WHAT YOU NEED TO DO
The response should be the complete listing below, unchanged.

DATA FOR THIS EXERCISE

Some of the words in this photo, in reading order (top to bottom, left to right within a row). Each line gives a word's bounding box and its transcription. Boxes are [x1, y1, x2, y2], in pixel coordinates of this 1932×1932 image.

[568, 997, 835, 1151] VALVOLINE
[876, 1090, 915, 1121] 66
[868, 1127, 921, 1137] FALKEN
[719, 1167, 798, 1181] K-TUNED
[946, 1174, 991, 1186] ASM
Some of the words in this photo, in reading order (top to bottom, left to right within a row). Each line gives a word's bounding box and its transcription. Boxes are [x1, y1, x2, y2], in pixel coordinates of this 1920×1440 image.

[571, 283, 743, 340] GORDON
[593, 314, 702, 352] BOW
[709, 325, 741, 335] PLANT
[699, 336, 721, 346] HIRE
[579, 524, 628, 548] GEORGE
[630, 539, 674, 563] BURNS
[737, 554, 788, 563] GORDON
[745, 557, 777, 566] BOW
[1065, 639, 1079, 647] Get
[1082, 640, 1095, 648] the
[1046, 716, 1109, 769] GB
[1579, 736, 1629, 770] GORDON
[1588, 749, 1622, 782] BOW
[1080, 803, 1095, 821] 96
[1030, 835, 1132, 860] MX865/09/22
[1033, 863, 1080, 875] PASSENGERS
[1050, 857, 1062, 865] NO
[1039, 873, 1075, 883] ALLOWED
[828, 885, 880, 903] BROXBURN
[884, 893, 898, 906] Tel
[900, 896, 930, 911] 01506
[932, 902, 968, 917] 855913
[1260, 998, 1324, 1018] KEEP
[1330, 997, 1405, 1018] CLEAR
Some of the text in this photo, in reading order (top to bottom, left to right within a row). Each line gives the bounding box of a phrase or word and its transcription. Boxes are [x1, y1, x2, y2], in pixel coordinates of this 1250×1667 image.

SOLVED PROBLEM
Some of the words in this photo, in reading order (top to bottom, left to right within a row). Each line gives a word's bounding box and its transcription. Boxes are [x1, y1, x2, y2], in pixel coordinates of this 1932×1932 image.

[568, 997, 835, 1151] VALVOLINE
[876, 1090, 915, 1121] 66
[868, 1127, 921, 1137] FALKEN
[719, 1167, 798, 1181] K-TUNED
[946, 1174, 991, 1186] ASM
Some of the words in this photo, in reading order (top to bottom, left to right within a row). Each line gives a word's bounding box and its transcription. Boxes are [x1, y1, x2, y2], in pixel coordinates of this 1920×1440 image.

[571, 283, 743, 340] GORDON
[593, 314, 702, 352] BOW
[709, 325, 741, 335] PLANT
[699, 336, 721, 346] HIRE
[579, 524, 628, 548] GEORGE
[630, 539, 674, 563] BURNS
[737, 554, 788, 563] GORDON
[745, 557, 777, 566] BOW
[1065, 639, 1079, 647] Get
[1082, 640, 1095, 648] the
[1046, 716, 1109, 769] GB
[1579, 736, 1629, 770] GORDON
[1588, 749, 1622, 782] BOW
[1080, 803, 1095, 821] 96
[1030, 835, 1132, 860] MX865/09/22
[1033, 863, 1080, 875] PASSENGERS
[1050, 857, 1062, 865] NO
[1039, 873, 1075, 883] ALLOWED
[828, 885, 880, 903] BROXBURN
[884, 893, 898, 906] Tel
[900, 896, 930, 911] 01506
[932, 902, 968, 917] 855913
[1260, 998, 1324, 1018] KEEP
[1330, 997, 1405, 1018] CLEAR
Some of the text in this photo, in reading order (top to bottom, left to right within a row). Each line gives the bounding box of a phrase or word and its transcription. Boxes are [x1, y1, x2, y2], in pixel coordinates of this 1250×1667 image.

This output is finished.